Data entries
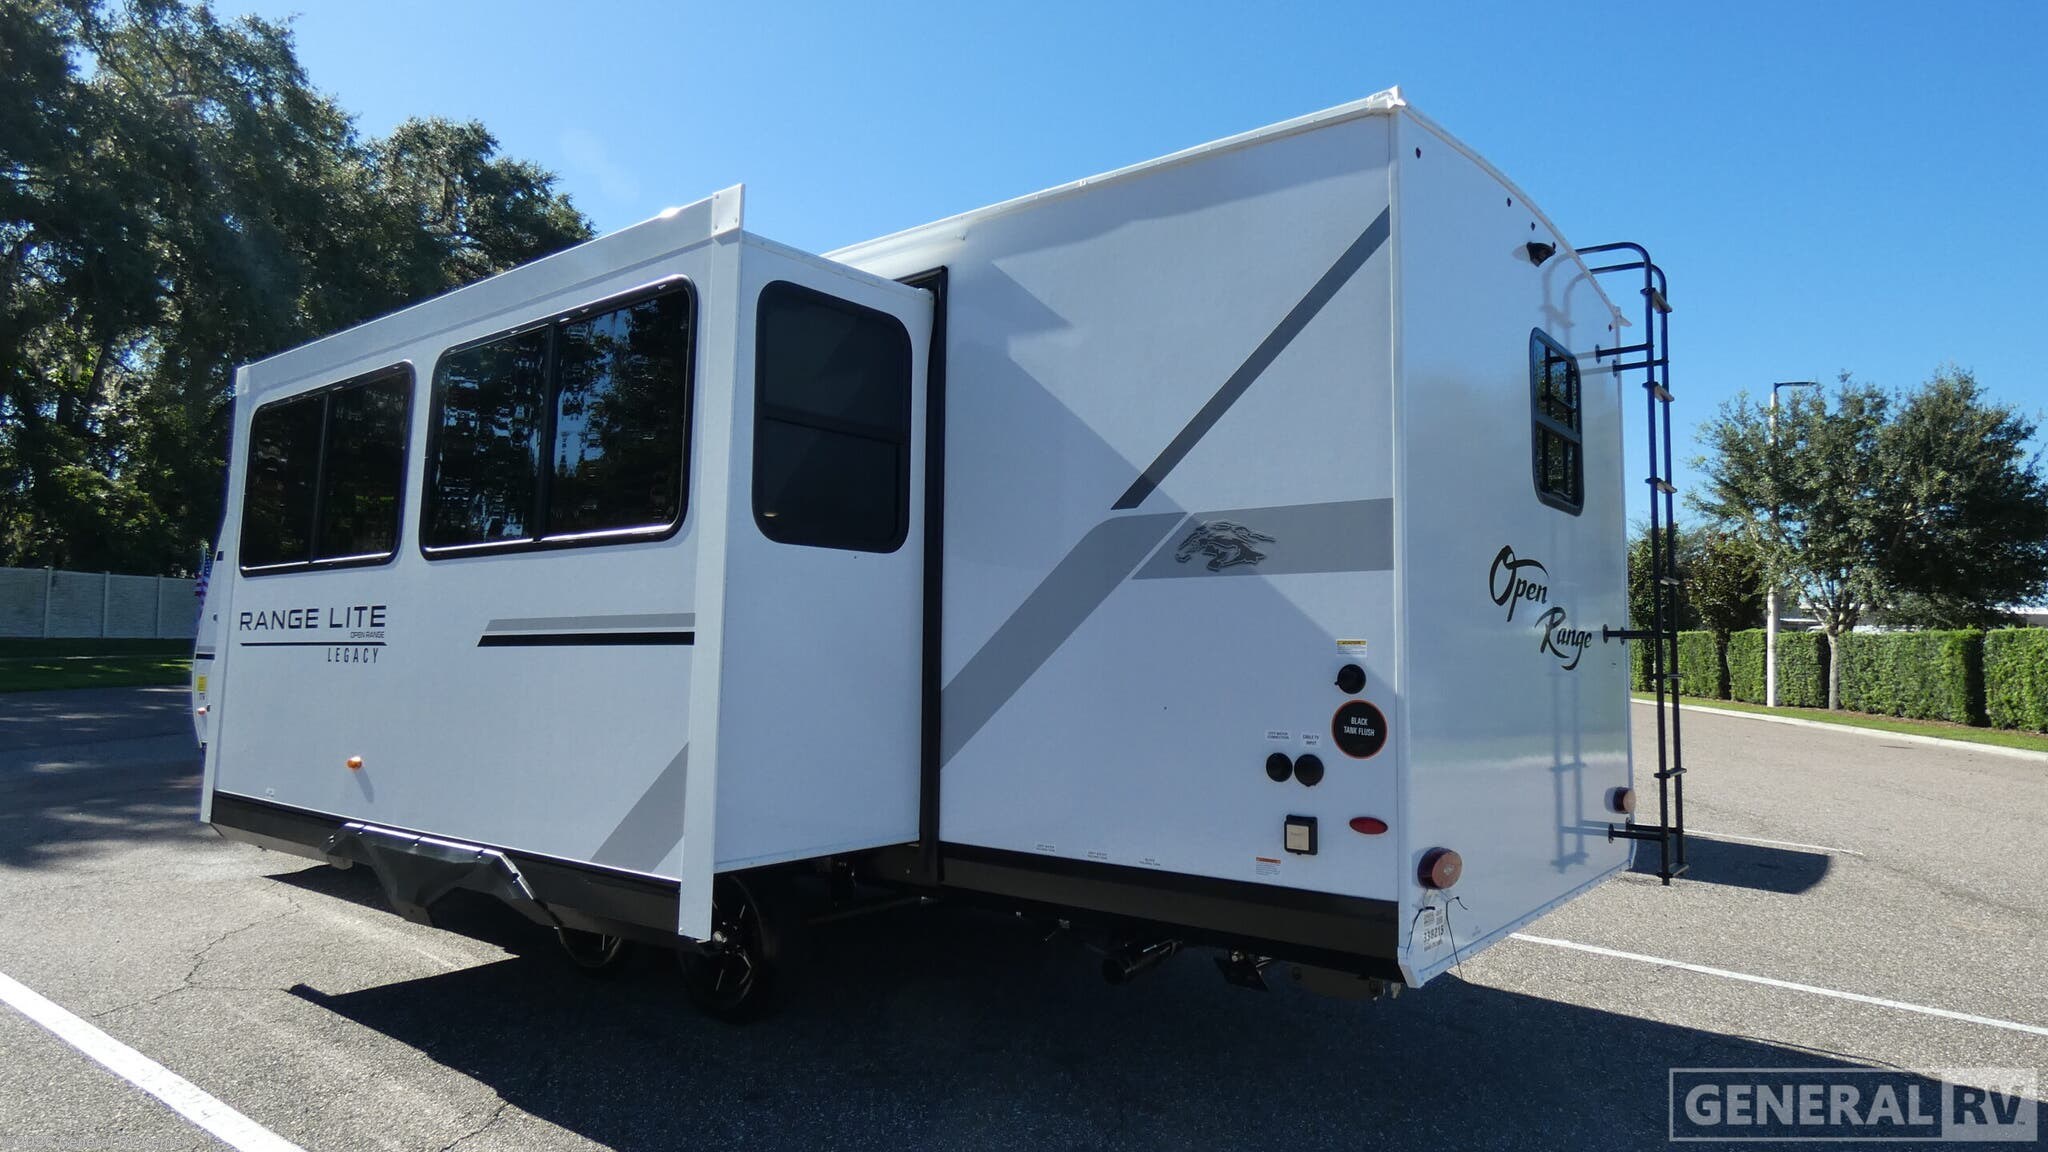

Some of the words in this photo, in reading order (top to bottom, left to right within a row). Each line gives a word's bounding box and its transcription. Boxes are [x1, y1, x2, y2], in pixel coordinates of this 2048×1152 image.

[1489, 545, 1550, 622] Open
[240, 608, 319, 631] RANGE
[329, 605, 387, 629] LITE
[350, 631, 365, 639] OPEN
[366, 631, 385, 639] RANGE
[1535, 606, 1592, 671] Range
[327, 647, 379, 664] LEGACY
[1350, 716, 1368, 726] BLACK
[1343, 725, 1357, 735] TANK
[1358, 727, 1375, 737] FLUSH

*Exercise details:*
What is needed is an exact copy of the entries, without any images.

*Solved exercise:*
Some of the words in this photo, in reading order (top to bottom, left to right within a row). Each line gives a word's bounding box and its transcription. Boxes are [x1, y1, x2, y2], in pixel coordinates of this 2048×1152 image.

[1489, 545, 1550, 622] Open
[240, 608, 319, 631] RANGE
[329, 605, 387, 629] LITE
[350, 631, 365, 639] OPEN
[366, 631, 385, 639] RANGE
[1535, 606, 1592, 671] Range
[327, 647, 379, 664] LEGACY
[1350, 716, 1368, 726] BLACK
[1343, 725, 1357, 735] TANK
[1358, 727, 1375, 737] FLUSH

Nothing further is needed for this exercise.